For Android devices: Search for printing app programs by the name of your printer. Some will let you print only from within themselves, while others allow printing within apps.

The need for a printer connection—cable or wireless

But wait! In the case of both the Fire and traditional Android devices, your computer still needs to be on speaking terms with the printer. You could use a USB cable, or you can use a wireless connection to the printer (obvious requirement: a wireless-capable printer). Check with your printer manufacturer if you can’t get the wireless working. Another approach would be to try Google Cloud Print.

Finally—remember that if all else fails, you can download an e-book file to your desktop and let Calibre and your regular PDF program (typically  look for “Print” within the file menu) do the trick.

The Moon+ Reader Pro route

Here’s yet another tip. You can use Moon+ Reader Pro (I don’t know about nonPro) to mail an ePub file from your Android device to your desktop, then go the Calibre route for the PDF conversion, followed by the use of Foxit or an equivalent to print the PDF file.

I know. Given the many different hardware and software choices, this is hardly a comprehensive guide to the printing issue. Still, maybe it’s a start. As you can see, even the organic complexities of printing from nonDRMed books can be a hassle. The last thing we need is for DRM to get in the way of at least printing within the bounds of fair use.

Got a question on a specific? Post it and perhaps another TeleRead community member can help you.

Image credit: Here.


  1. @Everyone: To get the comment tracker on the community page back to normal, I need to delete the dialog between Nate and me. But fear not. It’s here below. – DR

    te Hoffelder January 24, 2016 at 8:55 am
    Those plugins don’t work on either of my Fire tablets, so I would not recommend using them.
    David Rothman January 24, 2016 at 9:33 am
    @Nate: Thanks for the update on the plug-ins!
    Nate Hoffelder January 24, 2016 at 10:02 am

    BTW, Amazon won’t let you print DRM-free Kindle ebooks not even your own, so that arguably has less to do with DRM than technical limitations with the platform.
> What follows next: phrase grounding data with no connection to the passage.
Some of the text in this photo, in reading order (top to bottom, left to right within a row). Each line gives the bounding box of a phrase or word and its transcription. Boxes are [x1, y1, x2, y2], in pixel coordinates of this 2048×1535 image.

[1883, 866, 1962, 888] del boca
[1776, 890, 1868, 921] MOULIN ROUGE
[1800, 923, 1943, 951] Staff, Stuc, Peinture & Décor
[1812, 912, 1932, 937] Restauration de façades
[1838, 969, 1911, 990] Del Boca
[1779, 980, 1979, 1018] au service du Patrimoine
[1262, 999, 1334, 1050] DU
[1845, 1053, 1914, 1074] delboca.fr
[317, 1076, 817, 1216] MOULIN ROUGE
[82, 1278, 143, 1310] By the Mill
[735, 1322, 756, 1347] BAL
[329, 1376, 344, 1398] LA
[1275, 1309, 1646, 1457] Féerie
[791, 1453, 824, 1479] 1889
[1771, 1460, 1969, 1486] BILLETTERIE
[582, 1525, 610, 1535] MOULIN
    Printing is a feature Amazon has chosen not to develop, for whatever reason.
    David Rothman January 24, 2016 at 10:06 am
    @Nate: Perhaps we can think of the nonprinting as a de-facto form of DRM I course did not say Amazon offered printing, but it’s useful to enlighten people on that little detail.
    Nate Hoffelder January 24, 2016 at 11:15 am
    David, I think that when you blame DRM you are confusing the issue. (You’re also getting the technical details wrong.)
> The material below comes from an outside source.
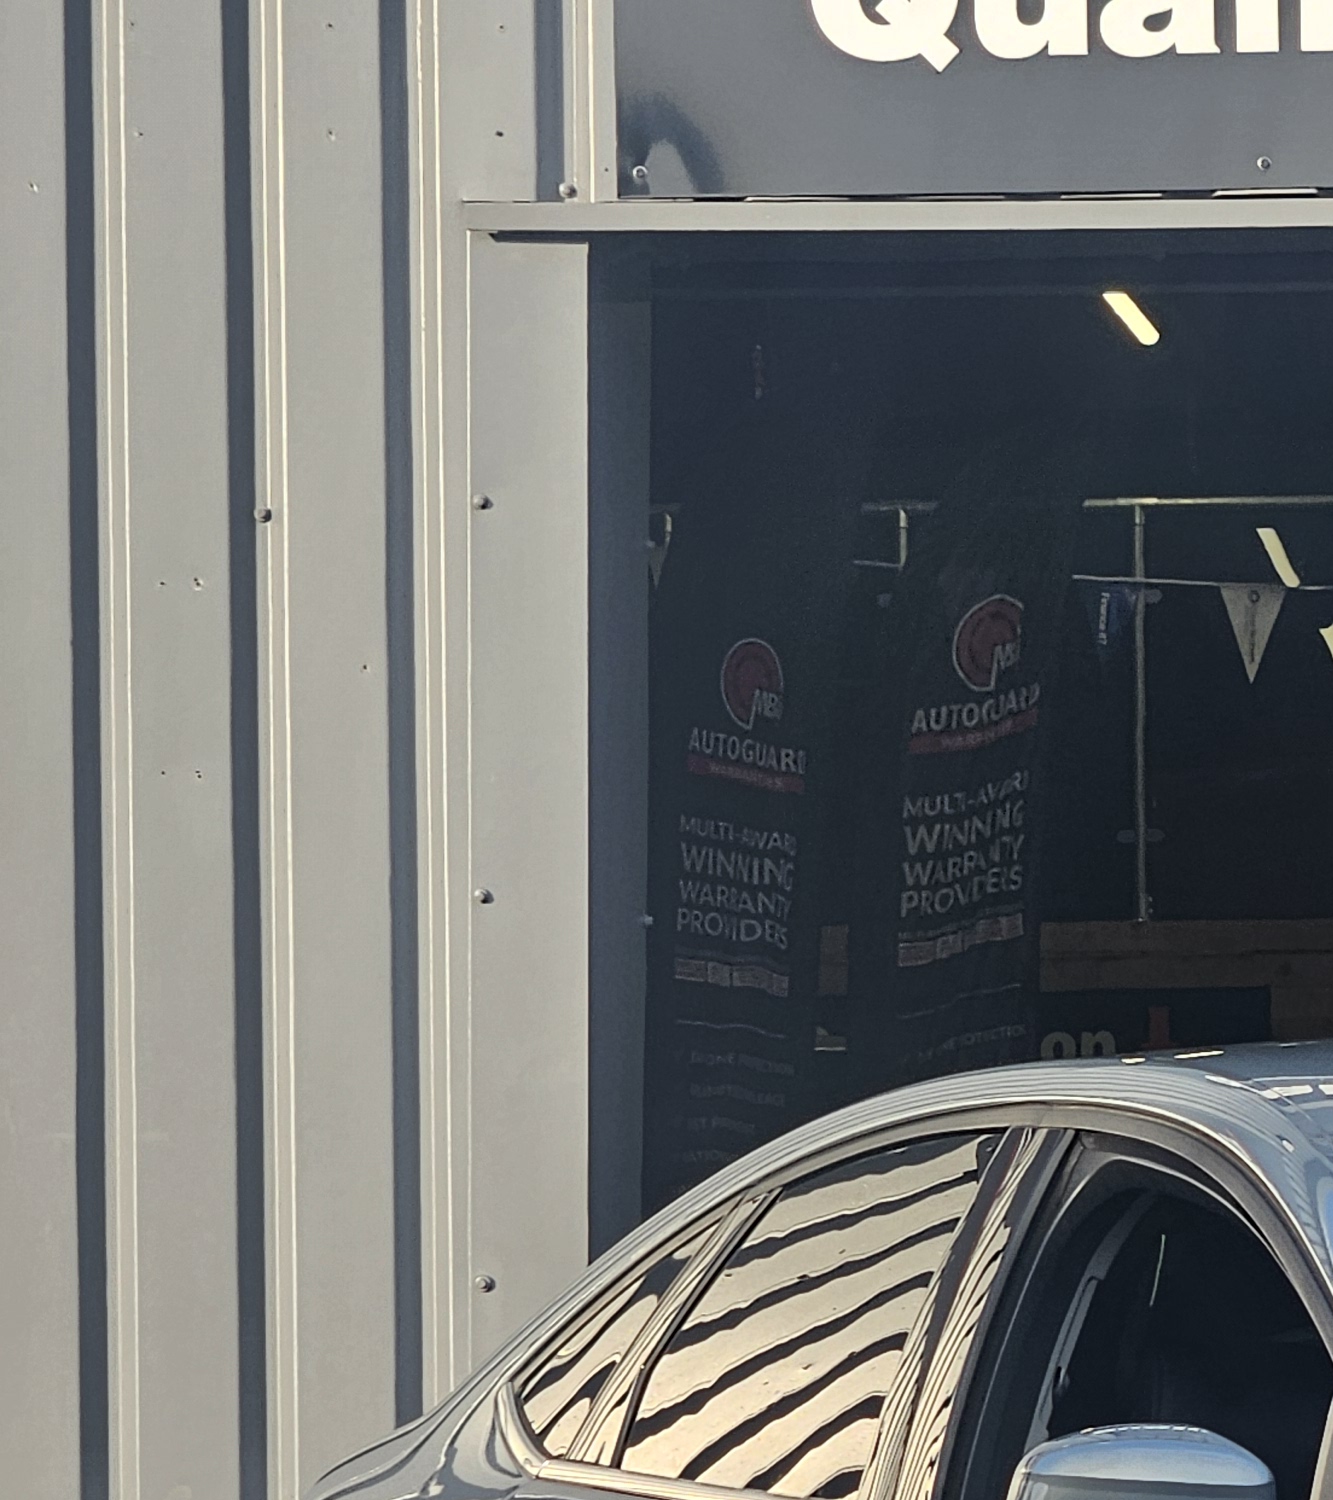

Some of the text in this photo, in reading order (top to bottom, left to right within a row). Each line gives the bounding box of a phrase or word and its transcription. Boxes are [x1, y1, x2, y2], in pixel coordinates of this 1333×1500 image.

[904, 799, 1025, 857] WINNNG
[901, 864, 1023, 919] PROVDES
[676, 906, 789, 951] PROVIDES
    It would be more constructive (also more accurate) to regard Kindle ebooks as a document format that can’t be printed, because that would let us criticize it in comparison to other document formats which can be printed – PDF, for example.

    That comparison can be used as a goad to pressure Amazon into adding the feature (or so I hope).
    David Rothman January 24, 2016 at 11:28 am
    @Nate: I said de facto DRM in regard to the end result even for nonDRMed books: no printing! As for the format for Kindle e-books—well, books are the main show. The Kindle’s personal documents capability is not as important to Amazon. Kindle format is not used for business documents to the extent that PDF is (or as far as the percentage of use). It’s just too much of a stretch, as I see it, to make the comparison you’re aiming for. We’ll just have to agree to disagree on these matters.